_Directions_
Repeat the records below exactly as they appear.

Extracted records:

::::

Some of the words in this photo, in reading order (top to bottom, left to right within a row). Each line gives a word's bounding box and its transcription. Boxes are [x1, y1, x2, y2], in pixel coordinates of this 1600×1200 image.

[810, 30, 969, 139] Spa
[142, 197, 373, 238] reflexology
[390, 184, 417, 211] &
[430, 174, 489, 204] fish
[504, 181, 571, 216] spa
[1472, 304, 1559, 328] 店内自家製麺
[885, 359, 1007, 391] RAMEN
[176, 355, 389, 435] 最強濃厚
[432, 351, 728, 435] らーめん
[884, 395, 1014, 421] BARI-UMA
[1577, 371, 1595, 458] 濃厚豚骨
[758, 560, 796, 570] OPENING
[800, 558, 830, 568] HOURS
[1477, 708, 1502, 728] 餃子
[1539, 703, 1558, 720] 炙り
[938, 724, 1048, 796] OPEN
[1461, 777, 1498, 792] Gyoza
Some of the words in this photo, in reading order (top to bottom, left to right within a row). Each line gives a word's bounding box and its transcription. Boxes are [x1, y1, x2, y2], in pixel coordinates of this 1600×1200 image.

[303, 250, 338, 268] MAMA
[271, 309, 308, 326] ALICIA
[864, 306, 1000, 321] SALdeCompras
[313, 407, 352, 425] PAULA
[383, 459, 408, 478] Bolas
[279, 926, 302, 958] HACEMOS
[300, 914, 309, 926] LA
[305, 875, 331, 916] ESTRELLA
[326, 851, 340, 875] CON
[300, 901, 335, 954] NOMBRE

::::

_The completed task_
Some of the words in this photo, in reading order (top to bottom, left to right within a row). Each line gives a word's bounding box and its transcription. Boxes are [x1, y1, x2, y2], in pixel coordinates of this 1600×1200 image.

[810, 30, 969, 139] Spa
[142, 197, 373, 238] reflexology
[390, 184, 417, 211] &
[430, 174, 489, 204] fish
[504, 181, 571, 216] spa
[1472, 304, 1559, 328] 店内自家製麺
[885, 359, 1007, 391] RAMEN
[176, 355, 389, 435] 最強濃厚
[432, 351, 728, 435] らーめん
[884, 395, 1014, 421] BARI-UMA
[1577, 371, 1595, 458] 濃厚豚骨
[758, 560, 796, 570] OPENING
[800, 558, 830, 568] HOURS
[1477, 708, 1502, 728] 餃子
[1539, 703, 1558, 720] 炙り
[938, 724, 1048, 796] OPEN
[1461, 777, 1498, 792] Gyoza
Some of the words in this photo, in reading order (top to bottom, left to right within a row). Each line gives a word's bounding box and its transcription. Boxes are [x1, y1, x2, y2], in pixel coordinates of this 1600×1200 image.

[303, 250, 338, 268] MAMA
[271, 309, 308, 326] ALICIA
[864, 306, 1000, 321] SALdeCompras
[313, 407, 352, 425] PAULA
[383, 459, 408, 478] Bolas
[279, 926, 302, 958] HACEMOS
[300, 914, 309, 926] LA
[305, 875, 331, 916] ESTRELLA
[326, 851, 340, 875] CON
[300, 901, 335, 954] NOMBRE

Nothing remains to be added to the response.